Recently released in Japan, Shin Megami Tensei: Strange Journey on the Nintendo DS is another addition to the long-running SMT series. Taking on a more sci-fi approach, Strange Journey revolves around a soldier who is assigned to examine a massive void in the South Pole. Atlus stopped by our office to give us a quick look at the game and how it plays, but we'll be able to update you with more details regarding the story at a later date when we get to play the game for ourselves.

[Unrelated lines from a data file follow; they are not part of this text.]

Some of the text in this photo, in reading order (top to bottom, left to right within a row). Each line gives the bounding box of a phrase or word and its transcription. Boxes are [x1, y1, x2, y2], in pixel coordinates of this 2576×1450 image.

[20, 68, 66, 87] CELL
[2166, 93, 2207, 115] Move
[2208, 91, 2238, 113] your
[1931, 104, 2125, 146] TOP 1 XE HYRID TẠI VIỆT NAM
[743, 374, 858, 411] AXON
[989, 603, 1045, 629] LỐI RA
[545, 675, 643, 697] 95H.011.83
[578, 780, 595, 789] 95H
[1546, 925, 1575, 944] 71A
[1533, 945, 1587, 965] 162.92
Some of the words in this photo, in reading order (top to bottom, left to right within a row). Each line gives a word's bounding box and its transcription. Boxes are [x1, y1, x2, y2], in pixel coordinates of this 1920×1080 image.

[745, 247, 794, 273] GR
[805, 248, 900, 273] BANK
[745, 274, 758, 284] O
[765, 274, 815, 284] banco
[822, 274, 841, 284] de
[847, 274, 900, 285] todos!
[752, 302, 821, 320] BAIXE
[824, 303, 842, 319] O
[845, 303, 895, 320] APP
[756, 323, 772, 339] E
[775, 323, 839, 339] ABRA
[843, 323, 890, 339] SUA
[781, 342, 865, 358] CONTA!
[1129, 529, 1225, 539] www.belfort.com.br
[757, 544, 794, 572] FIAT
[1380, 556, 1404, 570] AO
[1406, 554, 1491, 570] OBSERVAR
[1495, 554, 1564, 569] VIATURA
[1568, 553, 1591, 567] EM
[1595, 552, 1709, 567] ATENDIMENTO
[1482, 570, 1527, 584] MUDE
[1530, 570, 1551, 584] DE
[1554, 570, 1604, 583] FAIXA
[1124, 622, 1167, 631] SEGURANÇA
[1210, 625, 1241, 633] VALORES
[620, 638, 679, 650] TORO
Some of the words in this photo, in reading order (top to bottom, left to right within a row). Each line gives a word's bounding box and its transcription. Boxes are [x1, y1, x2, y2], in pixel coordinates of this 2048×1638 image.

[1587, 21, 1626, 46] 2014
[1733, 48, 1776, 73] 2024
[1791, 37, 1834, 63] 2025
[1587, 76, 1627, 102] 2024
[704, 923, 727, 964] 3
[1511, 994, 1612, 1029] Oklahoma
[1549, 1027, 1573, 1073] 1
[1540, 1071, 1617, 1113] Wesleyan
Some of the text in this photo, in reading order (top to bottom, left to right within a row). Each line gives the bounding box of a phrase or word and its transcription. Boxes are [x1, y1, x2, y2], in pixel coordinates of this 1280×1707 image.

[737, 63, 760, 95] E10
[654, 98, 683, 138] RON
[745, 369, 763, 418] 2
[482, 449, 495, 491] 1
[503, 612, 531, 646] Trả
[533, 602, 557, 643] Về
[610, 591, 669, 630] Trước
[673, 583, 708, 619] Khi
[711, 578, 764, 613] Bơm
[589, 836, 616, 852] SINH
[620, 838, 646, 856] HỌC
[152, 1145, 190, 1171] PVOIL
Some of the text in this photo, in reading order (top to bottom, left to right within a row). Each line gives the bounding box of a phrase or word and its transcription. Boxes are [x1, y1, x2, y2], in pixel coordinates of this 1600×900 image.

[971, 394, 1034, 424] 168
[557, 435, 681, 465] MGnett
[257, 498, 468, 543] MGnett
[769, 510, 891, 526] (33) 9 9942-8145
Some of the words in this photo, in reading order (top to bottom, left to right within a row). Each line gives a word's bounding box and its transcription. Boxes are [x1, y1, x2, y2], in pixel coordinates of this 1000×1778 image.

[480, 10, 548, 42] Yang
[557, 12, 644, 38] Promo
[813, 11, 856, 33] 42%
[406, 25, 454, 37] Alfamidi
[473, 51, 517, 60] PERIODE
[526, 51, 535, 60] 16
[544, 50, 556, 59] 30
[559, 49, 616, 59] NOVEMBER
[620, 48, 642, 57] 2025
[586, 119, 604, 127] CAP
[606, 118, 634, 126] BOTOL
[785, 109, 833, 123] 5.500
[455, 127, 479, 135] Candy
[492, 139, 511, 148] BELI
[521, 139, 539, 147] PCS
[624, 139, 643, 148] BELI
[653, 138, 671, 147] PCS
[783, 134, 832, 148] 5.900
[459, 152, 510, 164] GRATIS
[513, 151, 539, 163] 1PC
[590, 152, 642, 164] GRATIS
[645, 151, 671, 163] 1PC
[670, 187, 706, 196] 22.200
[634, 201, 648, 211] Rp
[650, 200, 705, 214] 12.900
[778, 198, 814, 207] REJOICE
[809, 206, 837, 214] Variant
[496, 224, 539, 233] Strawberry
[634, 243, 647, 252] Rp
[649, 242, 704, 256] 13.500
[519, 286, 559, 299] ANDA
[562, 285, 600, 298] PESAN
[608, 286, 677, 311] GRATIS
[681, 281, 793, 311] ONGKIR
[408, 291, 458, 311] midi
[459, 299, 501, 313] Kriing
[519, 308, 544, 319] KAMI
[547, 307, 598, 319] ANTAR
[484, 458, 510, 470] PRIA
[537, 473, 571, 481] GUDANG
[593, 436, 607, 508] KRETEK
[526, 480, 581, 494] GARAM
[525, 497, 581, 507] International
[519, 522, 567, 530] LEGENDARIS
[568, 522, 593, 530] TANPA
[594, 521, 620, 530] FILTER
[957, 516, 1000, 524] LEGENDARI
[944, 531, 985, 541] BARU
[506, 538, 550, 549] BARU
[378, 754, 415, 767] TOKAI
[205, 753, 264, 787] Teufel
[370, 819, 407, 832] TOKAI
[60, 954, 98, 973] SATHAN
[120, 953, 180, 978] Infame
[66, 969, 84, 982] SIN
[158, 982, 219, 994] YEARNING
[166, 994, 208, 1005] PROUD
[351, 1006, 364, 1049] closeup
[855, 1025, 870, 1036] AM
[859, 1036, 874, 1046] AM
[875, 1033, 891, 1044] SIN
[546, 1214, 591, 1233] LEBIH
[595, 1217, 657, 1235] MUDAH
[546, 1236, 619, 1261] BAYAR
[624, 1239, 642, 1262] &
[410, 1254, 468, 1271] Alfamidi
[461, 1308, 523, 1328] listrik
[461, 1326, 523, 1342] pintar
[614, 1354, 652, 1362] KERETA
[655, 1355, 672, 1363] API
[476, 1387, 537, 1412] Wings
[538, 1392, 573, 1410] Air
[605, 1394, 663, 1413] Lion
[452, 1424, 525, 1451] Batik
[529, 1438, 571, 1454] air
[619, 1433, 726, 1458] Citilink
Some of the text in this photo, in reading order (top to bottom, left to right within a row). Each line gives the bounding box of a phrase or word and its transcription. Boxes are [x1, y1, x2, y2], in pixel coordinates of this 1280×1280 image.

Using the Etrian Odyssey engine, Strange Journey is a first-person turn-based role-playing game in which your party members consist of demons that you collect. Our demo started us off a couple of hours into the game where we played as one of the crew members on the Red Sprite and were headed to the South Pole to investigate a strange void. Things went wrong as soon as we arrived, so we had to explore the area alone, except for our demon companions. Up to three demons can be summoned into your party, and they'll level up and grow stronger as long as you use them in battle.
Demons have their own particular alignment and by keeping their loyalties in mind, you can use them to your advantage. A feature known as demon coop allows you to give everyone in your party a bonus melee attack if you or your demons exploit the weakness of an enemy. Everyone in your party who shares the alignment of the one who attacked will automatically throw in an extra melee attack for more damage, so it's important to decide what kind of demons you want fighting alongside you. Your alignment changes depending on the decision you make within the game.
As the human in the party with no special powers but a nifty demonica suit, you must rely on guns and elemental attacks. There are apps that you'll come across--which are like key items--to help you find components for crafting or unlocking specific doors. Sub apps are special items that can increase the chances of getting an item after battle, but these apps take up space--sometimes more than one slot and you have 10 slots. Your demonica suit is what you'll use to access your mission logs, side quests, and tutorials. A forma search app is inherently in the suit, which can detect and track down stuff to trade later.
Demon fusion returns, and you'll be able to create all kinds of combinations; you'll even be able to throw an item into the mix to create a special demon. We didn't have time to go into all the details of this process, but we will once we receive a build of the game. The turn-based battles are self-explanatory if you're familiar with any kind of turn-based Japanese role-playing games. As you get to know the demons you encounter better, an analyze bar will fill up so that you can eventually determine their weakness and use it against them. If you're grinding away and don't particularly want to pay attention to an easy fight, you can hit the X button to have the battle play out for you. It won't make any special adjustments, though, so you have to be sure you'll win if you choose the option to have the battle play for you.
Our demo ended with a boss battle against a giant minotaur-like creature that had an extremely low opinion of humans and decided to tell us all about it. It took awhile to take it down because it had the ability to scare and confuse our demon party members. But it was nice that the target reticle changed to red if the enemy was near death because it allowed us to plan accordingly, which was a helpful feature.
Like all the SMT games before it, Shin Megami Tensei: Strange Journey has a lot more to it, and it can take several hours to really get a handle on it all. We only had 20 minutes with it, but once we get our build of the game, we'll be sure to post updated impressions. Shin Megami Tensei: Strange Journey is scheduled to be released in March 2010.